## WHAT IS BEING ASKED
The records that follow must all be duplicated exactly.

## DATA IN THIS EXERCISE
———
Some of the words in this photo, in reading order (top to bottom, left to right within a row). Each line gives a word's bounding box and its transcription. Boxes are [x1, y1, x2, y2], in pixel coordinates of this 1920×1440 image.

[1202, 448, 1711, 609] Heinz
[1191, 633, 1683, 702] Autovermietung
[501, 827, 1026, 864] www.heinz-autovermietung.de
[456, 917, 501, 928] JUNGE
———
## SOLUTION FOR THIS TASK
Some of the words in this photo, in reading order (top to bottom, left to right within a row). Each line gives a word's bounding box and its transcription. Boxes are [x1, y1, x2, y2], in pixel coordinates of this 1920×1440 image.

[1202, 448, 1711, 609] Heinz
[1191, 633, 1683, 702] Autovermietung
[501, 827, 1026, 864] www.heinz-autovermietung.de
[456, 917, 501, 928] JUNGE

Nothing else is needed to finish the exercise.